Remix.run Logo
Remix clone Hacker News
new | show | ask | jobsGithub
throw28158916 4 days ago

I am not an expert but I read this website [1] and got impression that dns-over-tls is first iteration of encrypted dns and dnscrpyt protocol is second iteration of encrypted dns fixing its problems. Also dns-over-tls is not supported by package dnscrypt-proxy2 on openwrt and I have personal bias for not configuring dns-over-https on routers (in my opinion https is too complex protocol and have risk of getting hacked). Maybe I am alone with my opinions - I do not know. I wanted to use dns4eu and got really disappointed with not supporting dnscrypt. That's all.

[1] https://dnscrypt.info/faq

nicce 4 days ago | parent [-]

By looking the list of negative sides of DNS over TLS (DoT) in there, this project seems to list artificial problems, which makes me want to avoid the whole project. Maybe there are real benefits on using this protocol, but they should not make the list of problems looking longer than it actually is.

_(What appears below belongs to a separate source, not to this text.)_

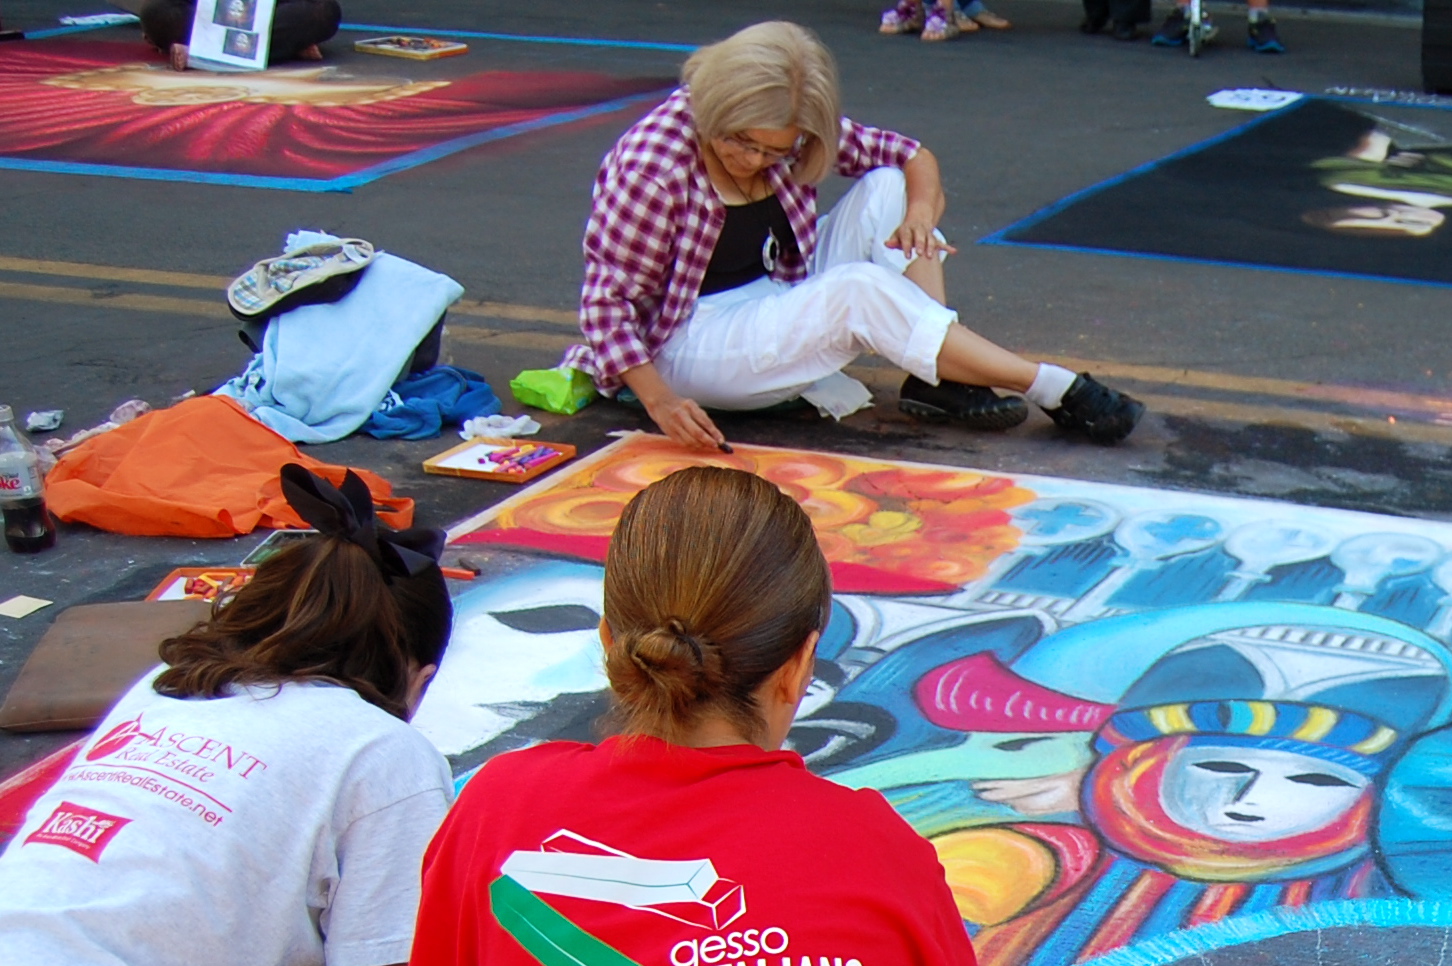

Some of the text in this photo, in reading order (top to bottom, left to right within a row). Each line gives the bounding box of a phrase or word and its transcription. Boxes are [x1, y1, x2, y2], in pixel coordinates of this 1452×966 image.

[115, 747, 215, 783] Real Estate
[134, 726, 268, 780] ASCENT
[42, 811, 106, 844] Kashi

The project especially lists the problems of TLS. TLS is one of the most understood, tested, and well-defined protocols that can be abstracted away in implementation level. Nothing also prevents forcing TLS 1.3 which removes most of the described other problems.

This especially sounds odd:

> Questionable practical benefits over DoH

But DoH brings the full TLS stack and also the HTTP stack as well? At the same time the project complains about increased attack surface in DoT, but DoH just extends it even more.

If I also look the DoH list, there is

> Requires TCP

But just few lines befeore, they say that DoH supports HTTP/3 which is UDP.

E.g. Android has supported it 3 years already:

https://security.googleblog.com/2022/07/dns-over-http3-in-an...

throw28158916 3 days ago | parent [-]

I think my opinion is based on idea that for connection between my pc/router and dns server certificates PKI is not needed. You can just hardcode/configure public key of dns server and that is it. Similar to wireguard or ssh server.

> The project especially lists the problems of TLS. TLS is one of the most understood, tested, and well-defined protocols that can be abstracted away in implementation level.

I agree that TLS is understood, tested, used every day etc. I do not agree that you sleep calm at night. For example a few years ago [1] or [2] mozilla removed root CA from firefox for bad behavior. And you can argue everything is working properly because bad behavior was detected and removed but the thing is - you can avoid this group of problems entirely by avoiding PKI in protocol. That is why I like dnscrypt protocol more. Less problems to worry about. You only change hardcoded/configured public key if you change which dns server you are using (not a big deal). You do not have to regularly update router to keep root ca store up-to-date. Do you update your router every month? Because I do not.

[1] https://www.feistyduck.com/newsletter/issue_53_certificate_a...

[2] https://www.itbrew.com/stories/2022/12/02/mozilla-microsoft-...

nicce 3 days ago | parent [-]

I see that point. But you can do the same with DoT? Instead of public key, you just pin the cert and bypass CA in that way. And you get the perfect forward secrecy and other benefits of TLS. But this might require the regular update of certs, and does not solve your maintenance problem.